CONCLUSIONS: This study underscores the need to expand resistance monitoring to include An. funestus alongside other vector species, and to screen for both the genetic and phenotypic signatures of resistance. The findings can be visualized online via an interactive user interface and could inform data-driven decision-making for resistance management and vector control. Since this was the first large-scale survey of resistance in Tanzania\'s An. funestus, we recommend regular updates with greater geographical and temporal coverage.
摘要:
背景:在东非和南部非洲的大部分地区,按蚊是疟疾的主要媒介,然而,与冈比亚按蚊和阿拉伯按蚊等其他载体相比,其生态学和对载体控制的反应仍然知之甚少。
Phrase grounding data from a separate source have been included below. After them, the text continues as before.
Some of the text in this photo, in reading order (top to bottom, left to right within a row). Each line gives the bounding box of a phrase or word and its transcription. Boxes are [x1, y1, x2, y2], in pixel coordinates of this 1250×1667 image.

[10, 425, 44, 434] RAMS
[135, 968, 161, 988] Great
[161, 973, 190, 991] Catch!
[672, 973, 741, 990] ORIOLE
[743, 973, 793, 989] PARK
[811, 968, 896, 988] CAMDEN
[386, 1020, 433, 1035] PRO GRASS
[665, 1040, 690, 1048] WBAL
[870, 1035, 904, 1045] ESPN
这项研究首次对An中杀虫剂抗性的遗传和表型表达进行了大规模调查。坦桑尼亚的funestus人口。
方法:我们对An进行了杀虫剂敏感性生物测定。坦桑尼亚9个疟疾流行中到高的地区的funestus蚊子,其次是抗性相关突变的基因分型(CYP6P9a,CYP6P9b,L119F-GSTe2)和结构变体(SV4.3kb,SV6.5kb)。使用广义线性模型来评估遗传标记与表型抗性之间的关系。创建了一个交互式RShiny工具来可视化数据并支持基于证据的干预措施。
结果:拟除虫菊酯抗性是普遍的,但通过胡椒基丁醚(PBO)是可逆的。然而,在九个地区中只有五个地区观察到氨基甲酸酯抗性,和二氯-二苯基-三氯乙烷(DDT)抗性仅在基隆贝罗山谷中发现,坦桑尼亚东南部。相反,在所有地点都对有机磷吡米磷-甲基存在普遍敏感性。抗性的遗传标记具有不同的地理模式,具有CYP6P9a-R和CYP6P9b-R等位基因,和SV6.5kb结构变体在西北部不存在或检测不到,但在所有其他地点普遍存在,而SV4.3kb在西北和西部地区很普遍,但在其他地方却没有。与溴氰菊酯抗性相关的新兴L119F-GSTe2,在与莫桑比克接壤的地区以杂合子形式检测到,马拉维和刚果民主共和国。坦桑尼亚西部的抵抗景观最为复杂,在坦any尼喀区,在那里检测到所有五个遗传标记。有一个明显的从南向北传播的抗性基因,尤其是CYP6P9a-R,虽然这似乎被打断了,可能是裂谷。
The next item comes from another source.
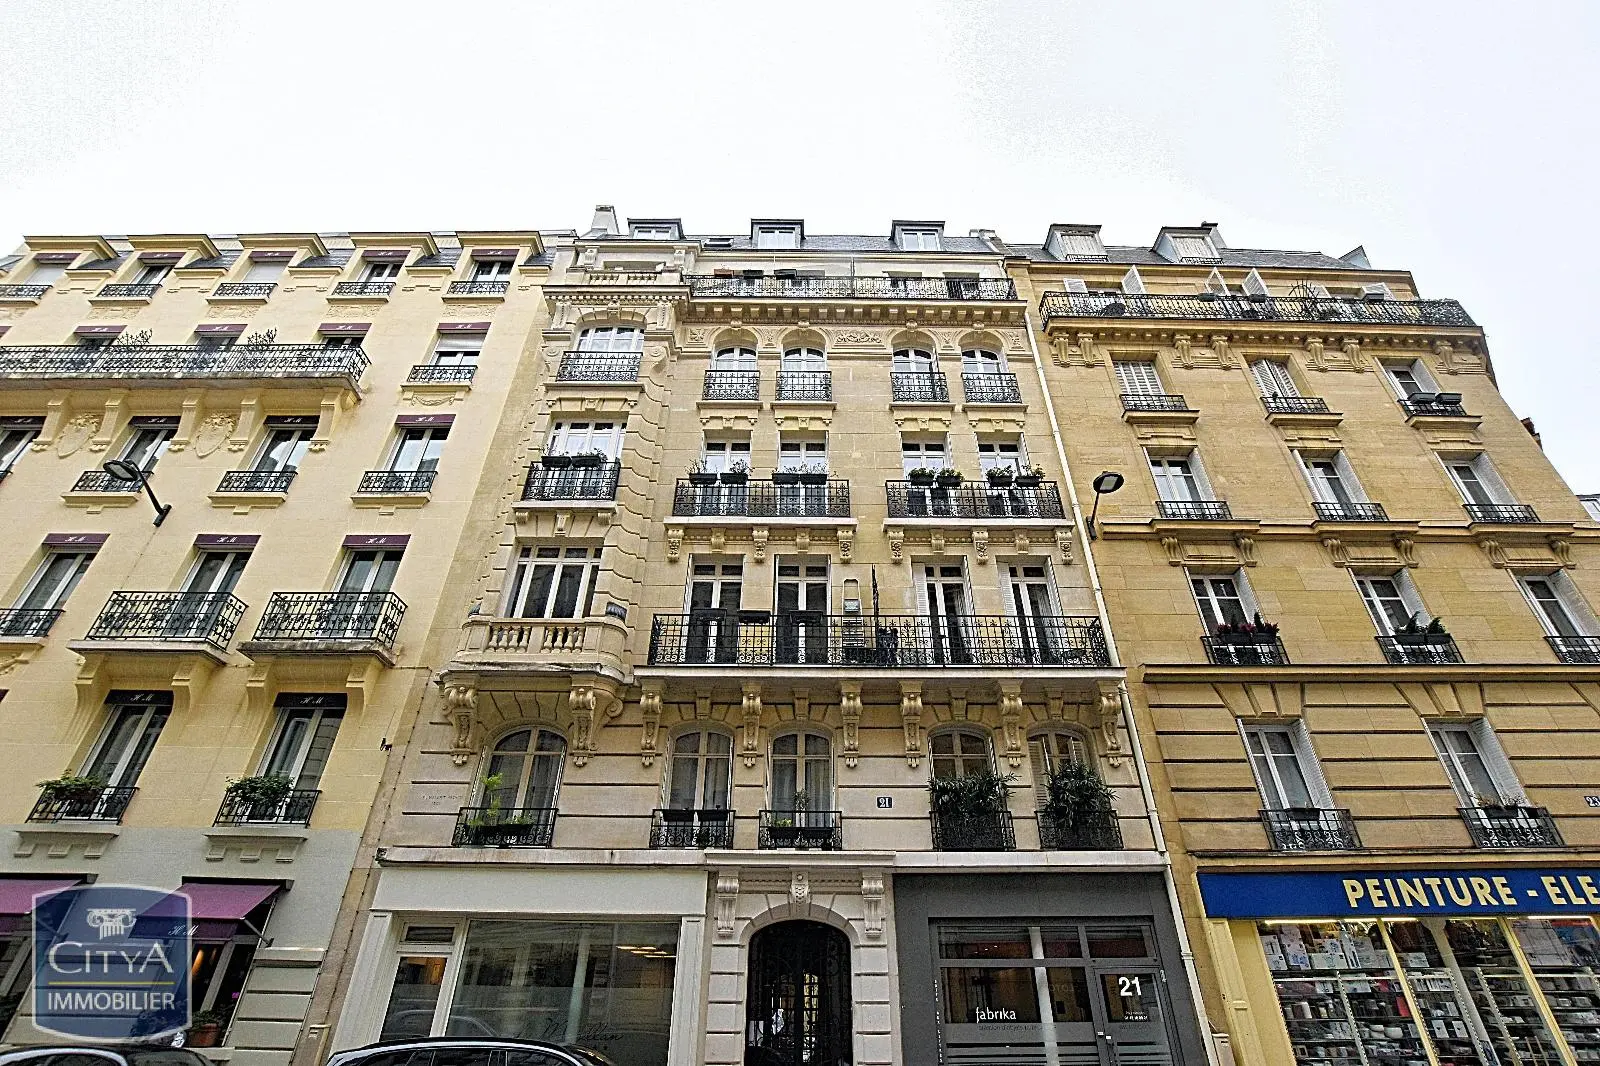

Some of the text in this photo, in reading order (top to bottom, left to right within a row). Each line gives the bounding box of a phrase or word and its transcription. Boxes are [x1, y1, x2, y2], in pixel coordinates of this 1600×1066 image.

[879, 797, 890, 808] 21
[1343, 876, 1518, 908] PEINTURE
[1118, 976, 1142, 997] 21
[975, 1006, 1017, 1024] fabrika
结论:本研究强调了扩大耐药性监测范围的必要性。funestus和其他媒介物种一起,并筛选抗性的遗传和表型特征。研究结果可以通过交互式用户界面在线可视化,并可以为数据驱动的阻力管理和媒介控制决策提供信息。因为这是坦桑尼亚安省第一次大规模的抵抗调查。funestus,我们建议定期更新,具有更大的地理和时间覆盖范围。
方法:我们对An进行了杀虫剂敏感性生物测定。坦桑尼亚9个疟疾流行中到高的地区的funestus蚊子,其次是抗性相关突变的基因分型(CYP6P9a,CYP6P9b,L119F-GSTe2)和结构变体(SV4.3kb,SV6.5kb)。使用广义线性模型来评估遗传标记与表型抗性之间的关系。创建了一个交互式RShiny工具来可视化数据并支持基于证据的干预措施。
结果:拟除虫菊酯抗性是普遍的,但通过胡椒基丁醚(PBO)是可逆的。然而,在九个地区中只有五个地区观察到氨基甲酸酯抗性,和二氯-二苯基-三氯乙烷(DDT)抗性仅在基隆贝罗山谷中发现,坦桑尼亚东南部。相反,在所有地点都对有机磷吡米磷-甲基存在普遍敏感性。抗性的遗传标记具有不同的地理模式,具有CYP6P9a-R和CYP6P9b-R等位基因,和SV6.5kb结构变体在西北部不存在或检测不到,但在所有其他地点普遍存在,而SV4.3kb在西北和西部地区很普遍,但在其他地方却没有。与溴氰菊酯抗性相关的新兴L119F-GSTe2,在与莫桑比克接壤的地区以杂合子形式检测到,马拉维和刚果民主共和国。坦桑尼亚西部的抵抗景观最为复杂,在坦any尼喀区,在那里检测到所有五个遗传标记。有一个明显的从南向北传播的抗性基因,尤其是CYP6P9a-R,虽然这似乎被打断了,可能是裂谷。
结论:本研究强调了扩大耐药性监测范围的必要性。funestus和其他媒介物种一起,并筛选抗性的遗传和表型特征。研究结果可以通过交互式用户界面在线可视化,并可以为数据驱动的阻力管理和媒介控制决策提供信息。因为这是坦桑尼亚安省第一次大规模的抵抗调查。funestus,我们建议定期更新,具有更大的地理和时间覆盖范围。